Forty Days of Music V

Tyler Versluis   -  

In 2013 I had an intense musical experience in a church basement in Ottawa. The JACK String Quartet performed the third string quartet by Austrian composer Georg Friedrich Haas, which according to strict instructions by the composer, must be performed in total darkness. For those who have experienced total darkness- in a sensory deprivation tank or elsewhere- the sensation is akin to being “buried alive”, as music critic Alex Ross mentions. It is not totally obvious what Haas was attempting to evoke with this work, but the quartet is subtitled “In iij. noct.”, a reference to the Third Nocturn in the Tenebrae service , and the ending of the quartet contains a musical quote from Gesualdo’s Tenebrae Responsories, the text of which reads:

 

He was brought as a lamb to the slaughter,

And when he was evil entreated

He open’d not his mouth:

He was delivered up to death,

That he might give life to his people.

He hath poured out his soul unto death,

And he was numbered with the transgressors:

That he might give life to his people.

 

Darkness is sometimes necessary if we want to appreciate light. In fact, darkness and suffering are important elements in Christian art and music, because they reflect our human experience as sinners. If we omit this darkness, from our worship and music, our life, our worship becomes shallow. In the last instalment of this blog series, we turn to the Orthodox traditions of Holy Week, which encapsulate this darkness of the season.

 

The Lord’s Lamentations (with fragments of Psalm 118), sung by Byzantion Choir, Iasi, Romania.

 

The Lord’s Lamentations are lengthy liturgical hymns sung during Holy Week in Orthodox churches. In this interpretation, the Lamentations are set to a traditional Romanian melody and interspersed with verses of Psalm 118 (119 in most Protestant Bibles). In general, the Romanian Orthodox church has stuck close to the Byzantine style of church music, which is monophonic chant accompanied by an ison, a drone note.

 

Blessed art You, O Lord! Teach me Your statutes.

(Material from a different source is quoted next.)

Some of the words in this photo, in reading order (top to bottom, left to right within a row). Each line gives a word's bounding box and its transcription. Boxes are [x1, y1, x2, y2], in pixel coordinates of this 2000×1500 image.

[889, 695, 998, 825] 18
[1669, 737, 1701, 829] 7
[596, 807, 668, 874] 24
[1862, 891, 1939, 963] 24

Blessed are the blameless in the way who walk in the law of the Lord.

In a tomb they laid You, O Christ the Life. The angelic hosts were overcome with awe and glorified Your condescension.

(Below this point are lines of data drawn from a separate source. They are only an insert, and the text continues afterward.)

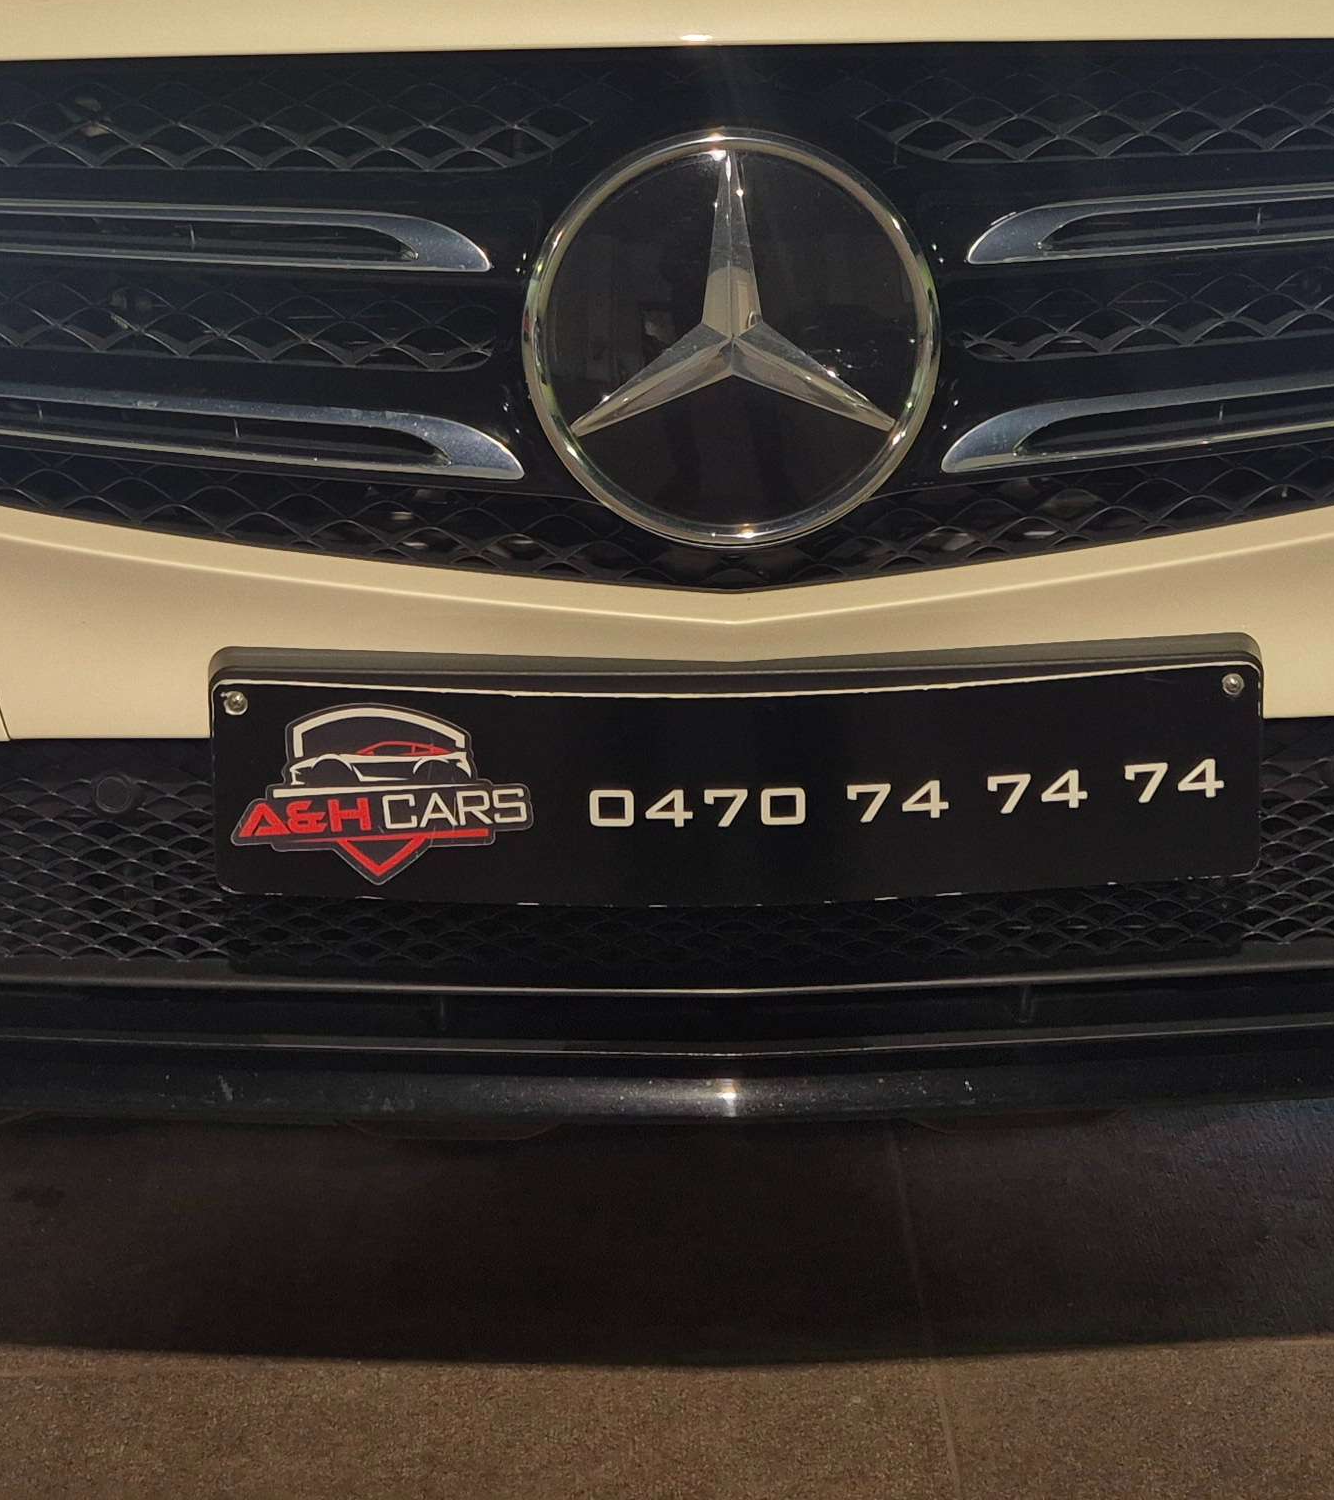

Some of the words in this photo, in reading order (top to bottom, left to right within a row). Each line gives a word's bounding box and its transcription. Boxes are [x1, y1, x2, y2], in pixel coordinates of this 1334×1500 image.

[239, 798, 373, 838] A&H
[382, 788, 528, 829] CARS
[589, 788, 806, 827] 0470
[847, 778, 949, 822] 74
[988, 769, 1088, 813] 74
[1124, 758, 1225, 803] 74

Blessed are those who search out his testimonies; they shall search for Him with their whole heart.

O Life, how can You die? How can You dwell in a tomb? Yet by Your death You have destroyed the reign of death and raised all the dead from Hell.

 

The Betrayal of Judas, Gyorgy Sviridov (1915-1998), sung by the Kyiv Chamber Choir “Credo”

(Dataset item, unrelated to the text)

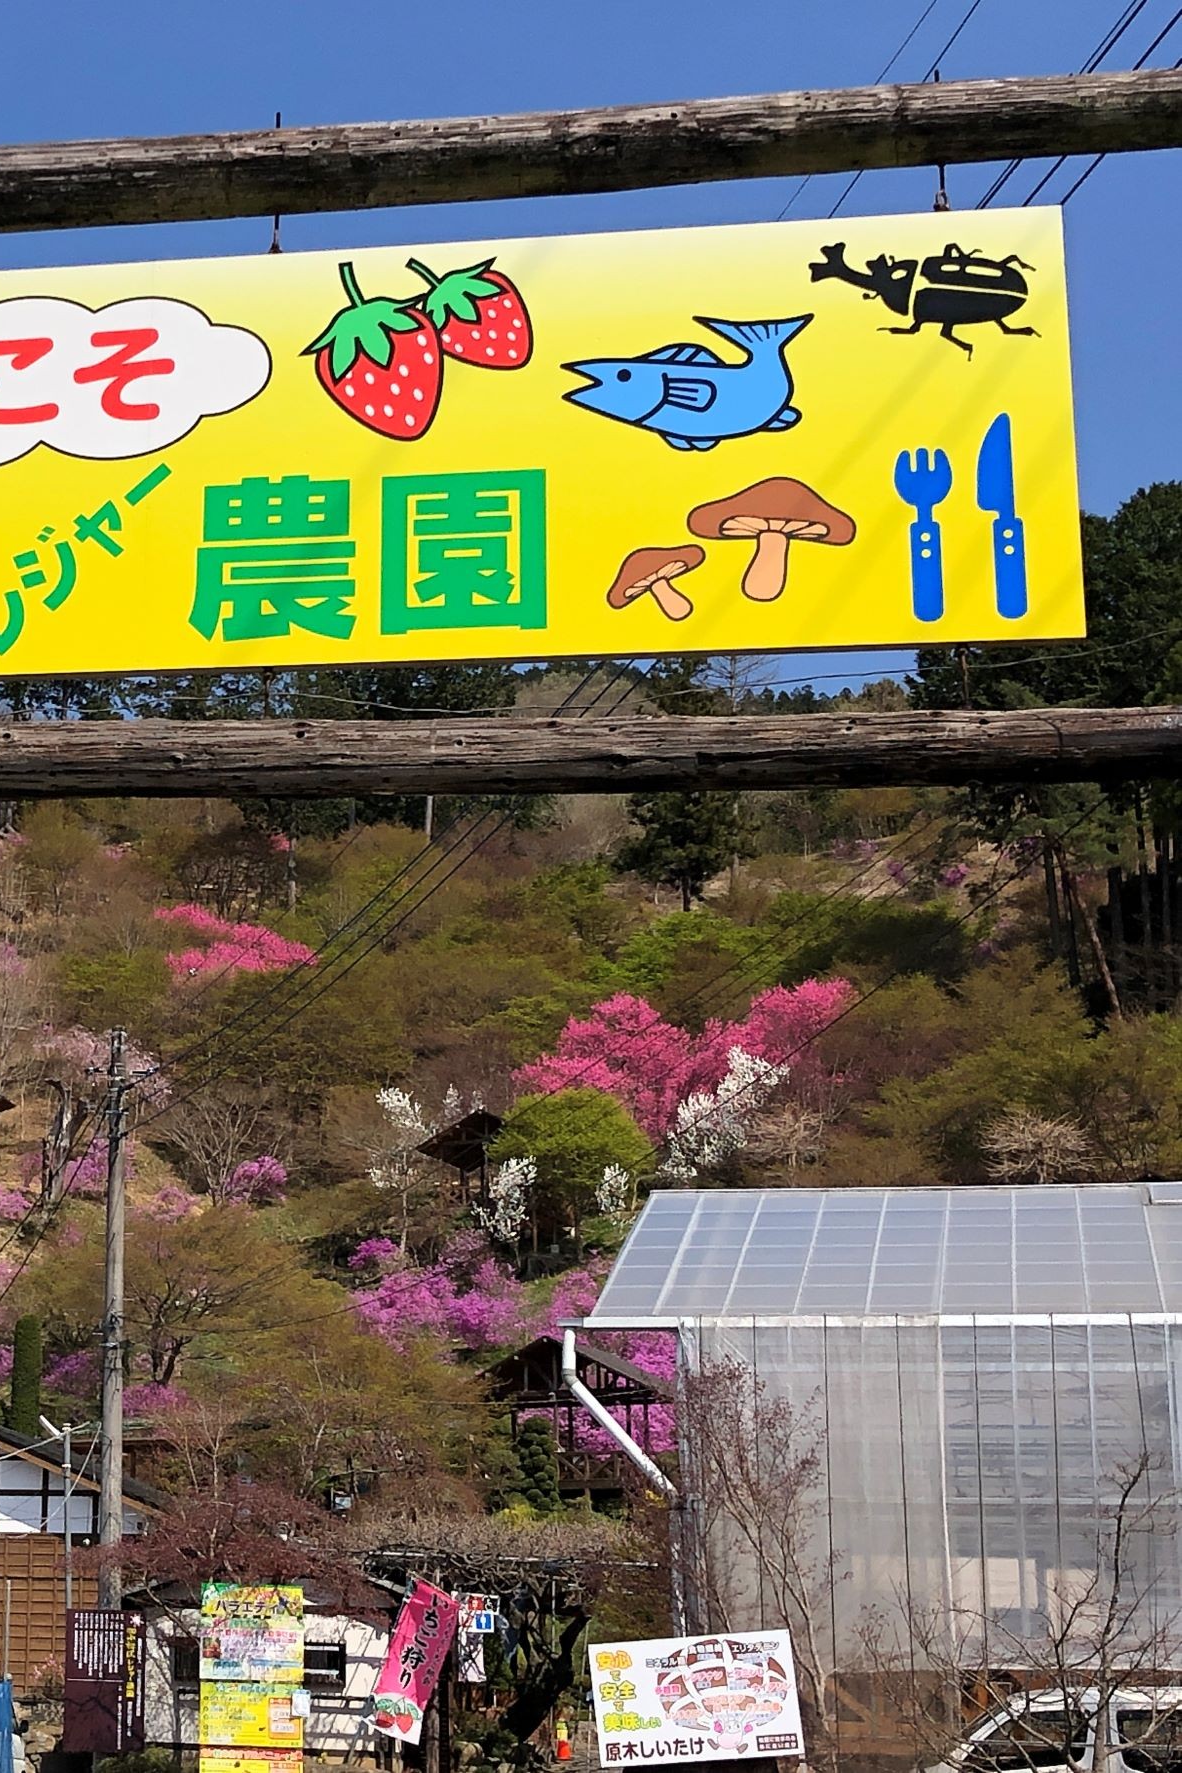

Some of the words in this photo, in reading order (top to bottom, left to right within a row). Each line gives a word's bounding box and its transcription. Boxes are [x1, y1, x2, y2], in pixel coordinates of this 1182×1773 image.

Continuing the Orthodox theme, we listen to a hidden jewel of Russian music, a hymn from the Maundy Thursday liturgy by Gyorgy Sviridov. Through his music, Sviridov attempted to reconcile the entire history of the Russian school of music: his music contains influence from Mussorgsky, Tchaikovsky, Shostakovich, and most important, the choral music of Rachmaninoff. The music, however, is undoubtedly modern, though rooted in tonality: thick chords, indicative of the Russian choral tradition, contain pungent dissonances and a knack for innovative sonority. The music sets the betrayal of Jesus by Judas, the climax of the Maundy Thursday liturgy.

 

When the glorious disciples were enlightened at the washing of their feet before the supper, the impious Judas was darkened by the disease of avarice, and to the lawless judges he betrayed You, the Righteous Judge.

Behold, this man because of avarice hanged himself. Flee from the insatiable desire which dared such things against the Master!

 

The coda lessens the intensity of this betrayal, and ends on a series of slow luminous chords, acknowledging the providence of God, even in this dark moment of Christ’s life:

 

O Lord Who deals righteously with all, glory to You!